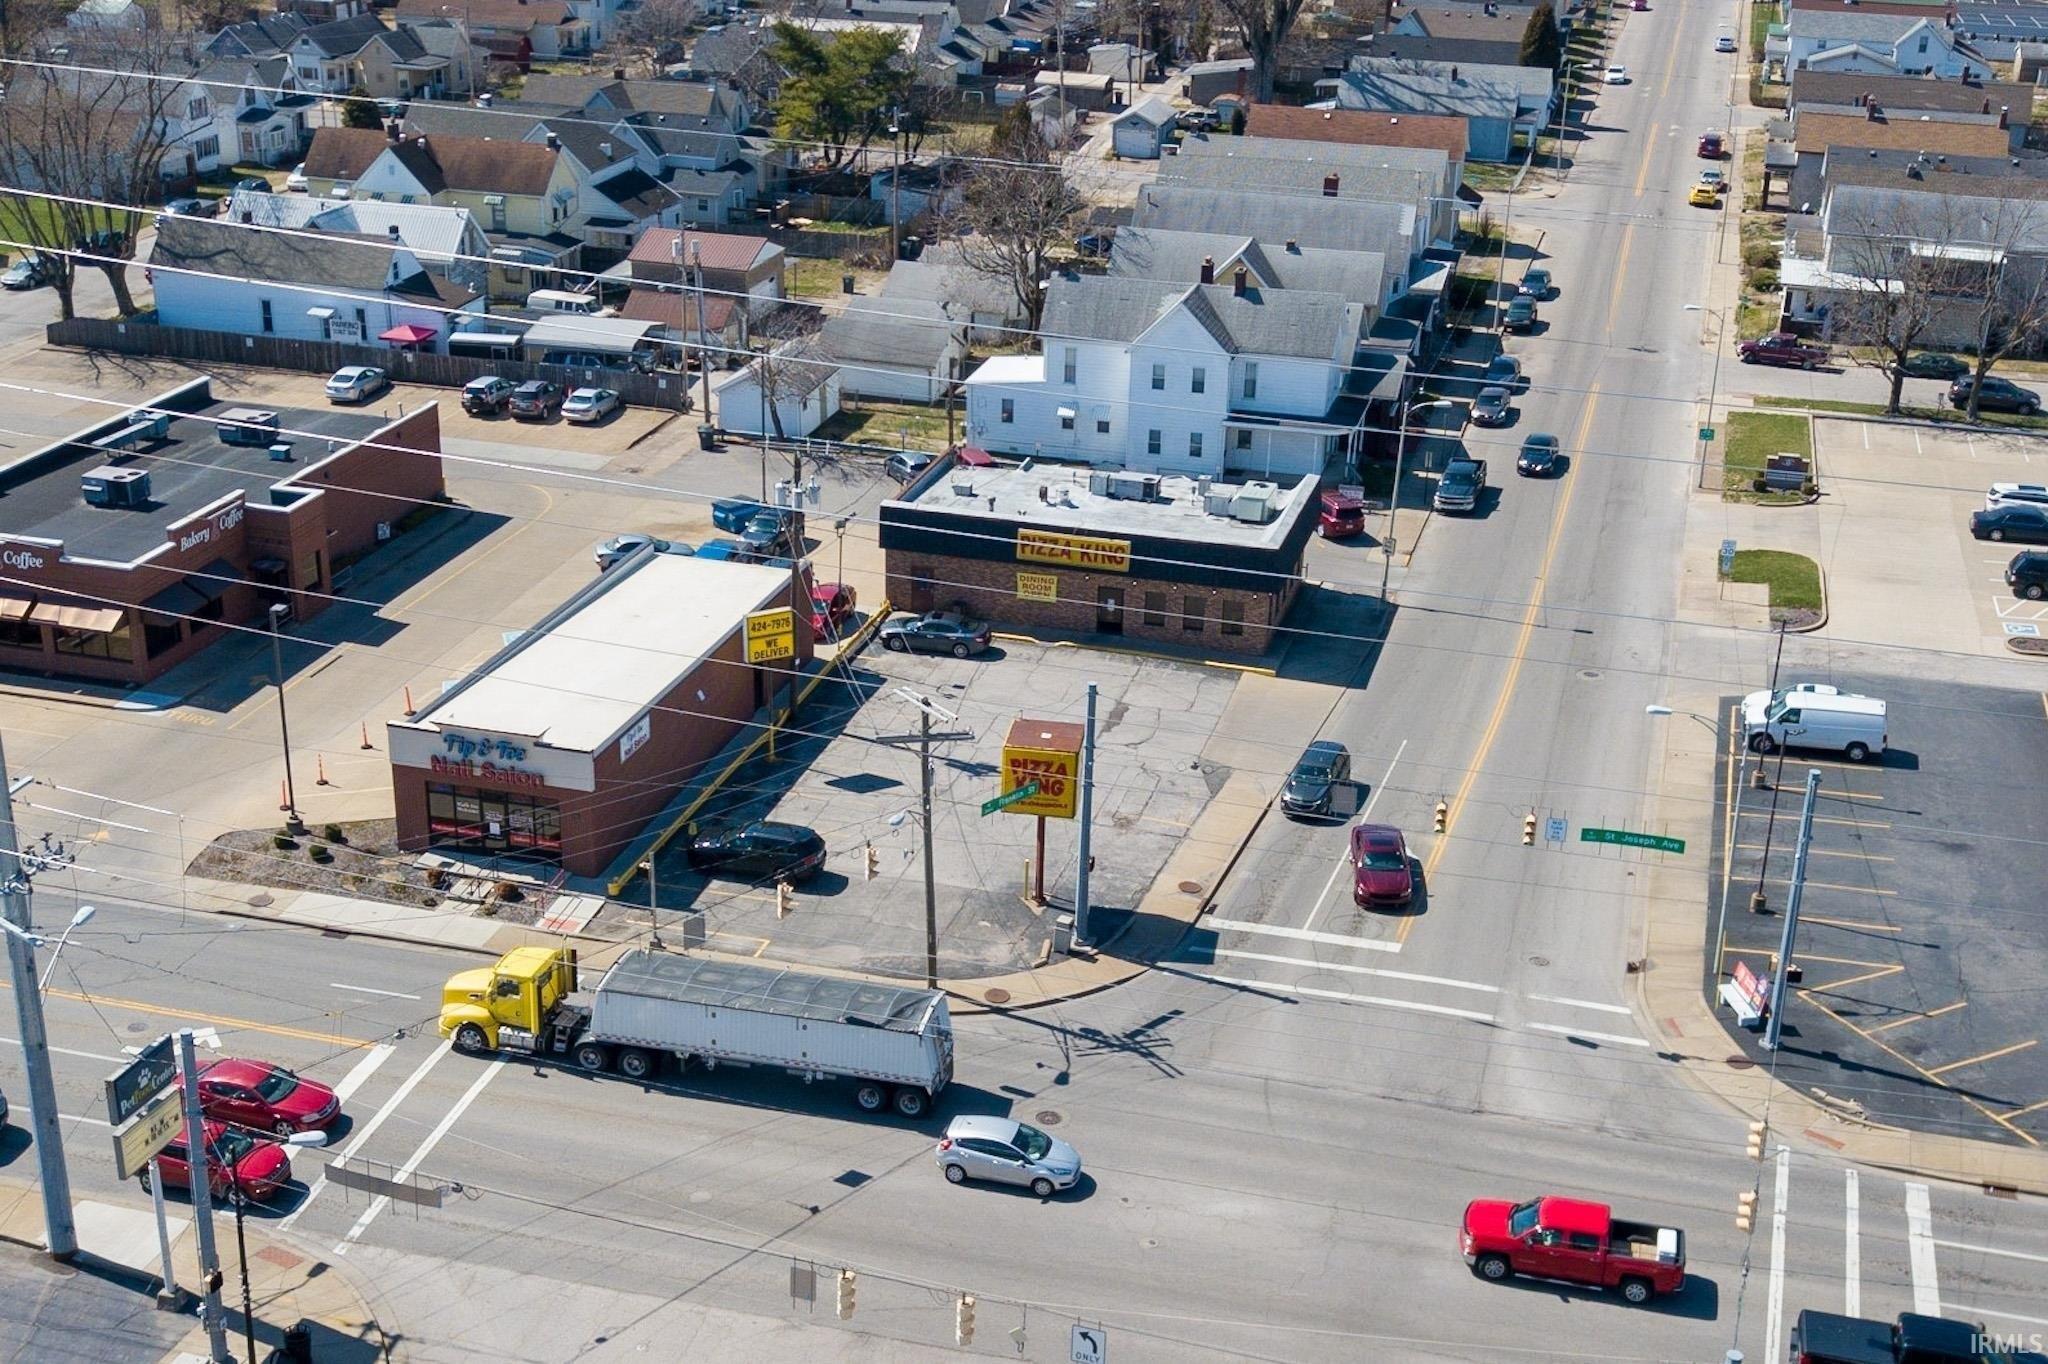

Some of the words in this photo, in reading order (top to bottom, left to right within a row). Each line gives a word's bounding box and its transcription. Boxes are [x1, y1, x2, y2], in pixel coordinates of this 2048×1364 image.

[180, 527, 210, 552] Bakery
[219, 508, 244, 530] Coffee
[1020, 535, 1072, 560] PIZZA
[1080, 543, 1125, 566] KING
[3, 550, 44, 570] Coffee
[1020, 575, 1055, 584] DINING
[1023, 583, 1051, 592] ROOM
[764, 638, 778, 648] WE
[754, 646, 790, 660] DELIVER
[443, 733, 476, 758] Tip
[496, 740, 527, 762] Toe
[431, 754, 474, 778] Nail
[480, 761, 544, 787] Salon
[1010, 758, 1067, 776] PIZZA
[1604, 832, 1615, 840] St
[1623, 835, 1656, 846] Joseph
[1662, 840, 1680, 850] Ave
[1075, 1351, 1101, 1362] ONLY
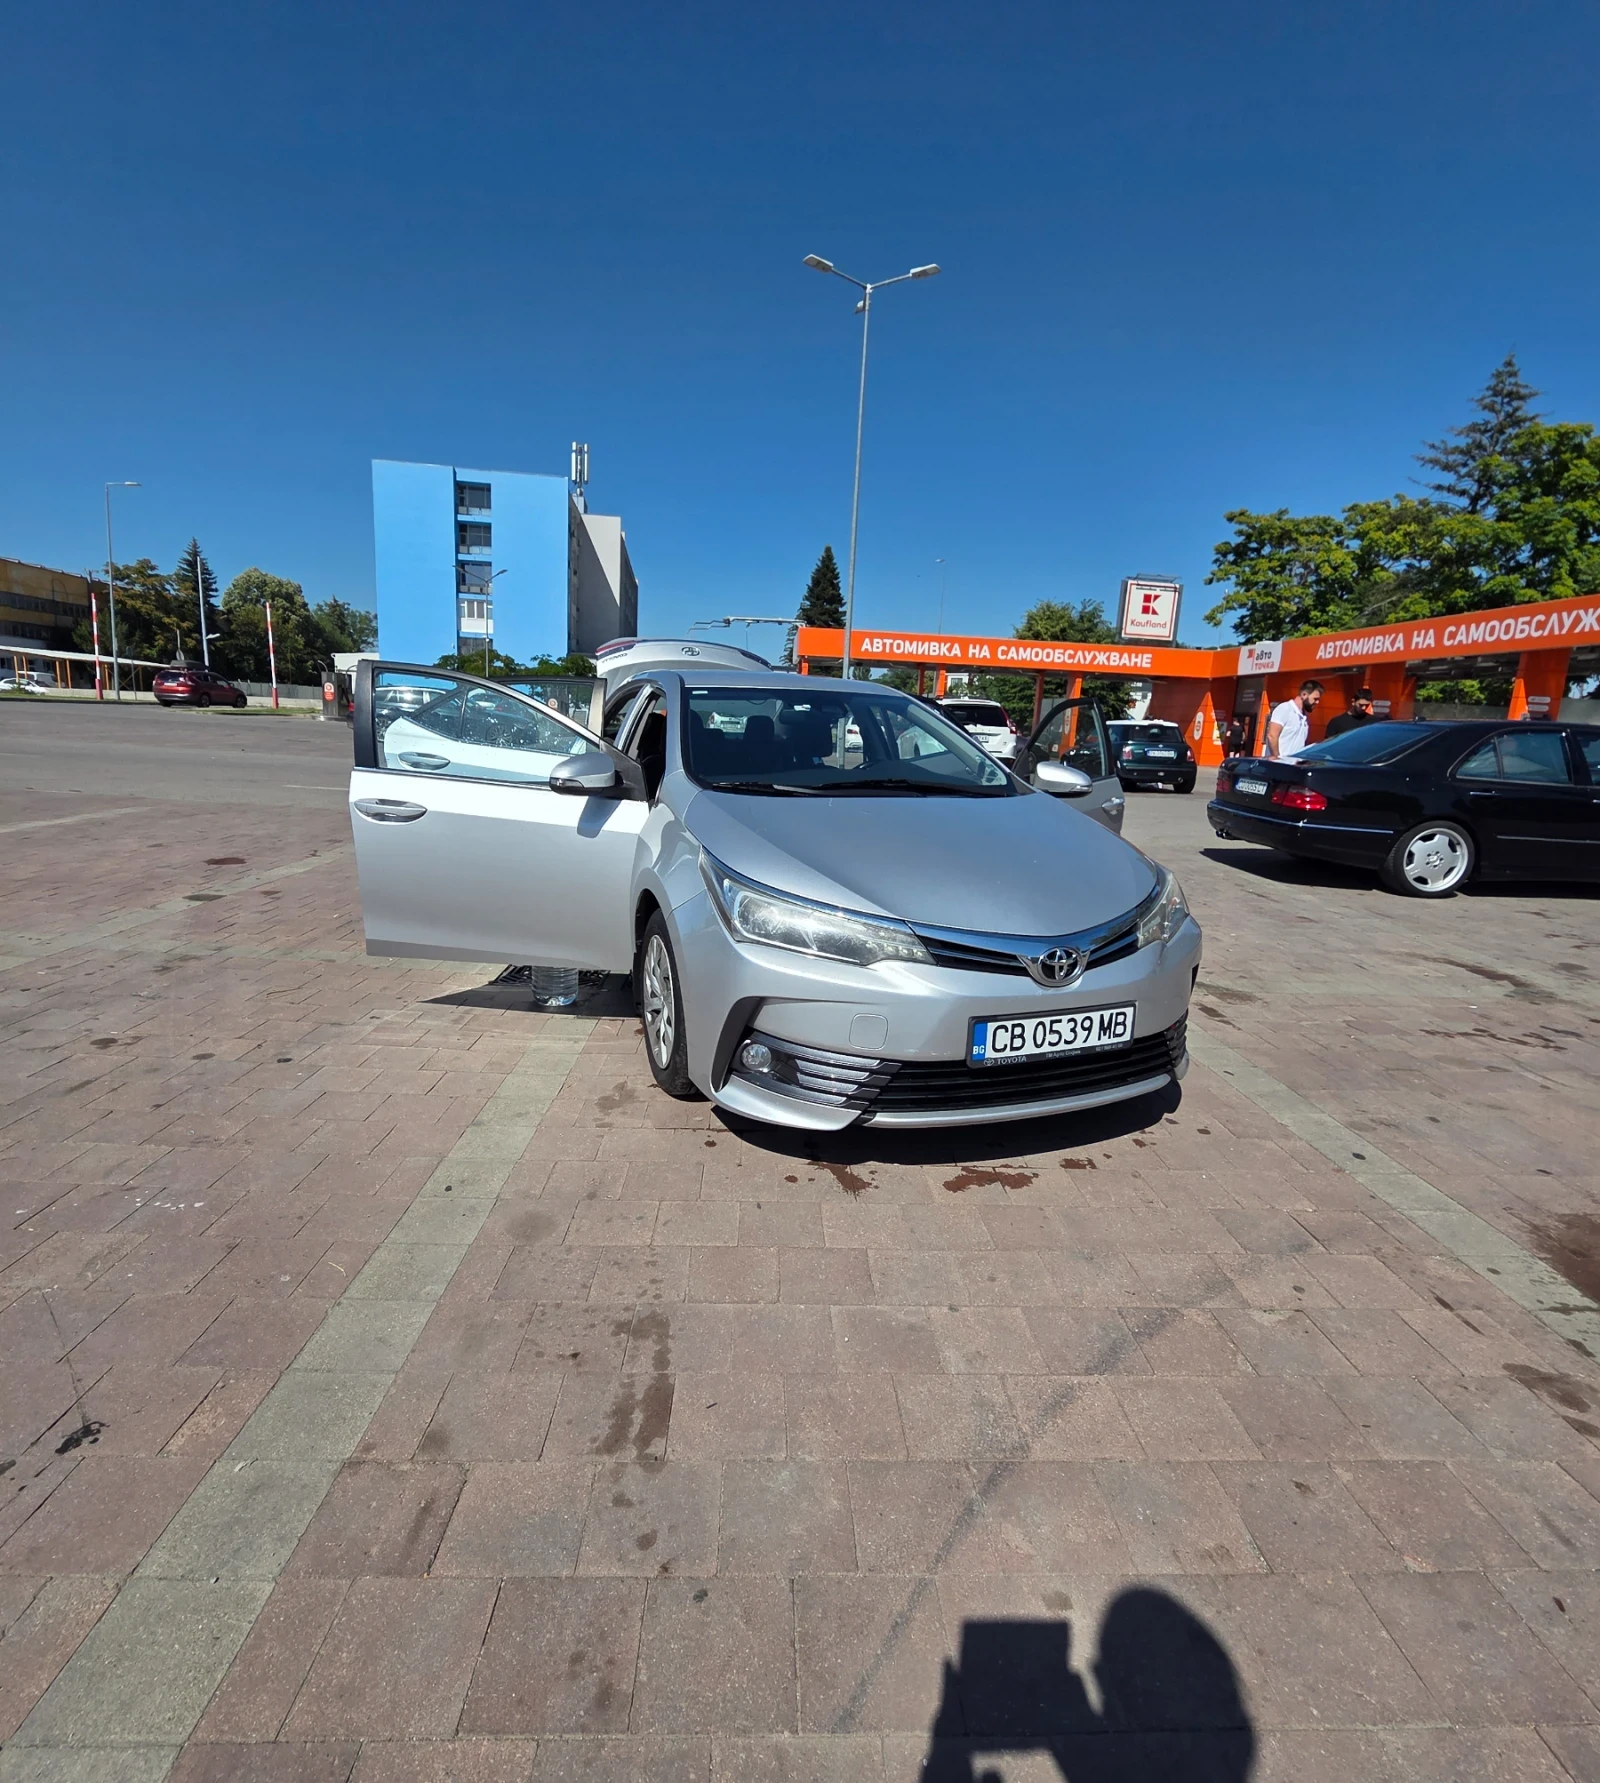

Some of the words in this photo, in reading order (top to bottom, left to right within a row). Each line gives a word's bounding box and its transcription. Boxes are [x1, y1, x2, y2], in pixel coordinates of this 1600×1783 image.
....................
*Task directions*
Pictures aside, repeat each entry in full and without change.

*Finished exercise*
Some of the words in this photo, in reading order (top to bottom, left to right within a row). Each line gives a word's bounding box and its transcription. Boxes are [x1, y1, x2, y2], in pixel coordinates of this 2048×1364 image.

[180, 527, 210, 552] Bakery
[219, 508, 244, 530] Coffee
[1020, 535, 1072, 560] PIZZA
[1080, 543, 1125, 566] KING
[3, 550, 44, 570] Coffee
[1020, 575, 1055, 584] DINING
[1023, 583, 1051, 592] ROOM
[764, 638, 778, 648] WE
[754, 646, 790, 660] DELIVER
[443, 733, 476, 758] Tip
[496, 740, 527, 762] Toe
[431, 754, 474, 778] Nail
[480, 761, 544, 787] Salon
[1010, 758, 1067, 776] PIZZA
[1604, 832, 1615, 840] St
[1623, 835, 1656, 846] Joseph
[1662, 840, 1680, 850] Ave
[1075, 1351, 1101, 1362] ONLY

Some of the words in this photo, in reading order (top to bottom, left to right within a row). Each line gives a word's bounding box and its transcription. Boxes are [x1, y1, x2, y2], in pixel coordinates of this 1600×1783 image.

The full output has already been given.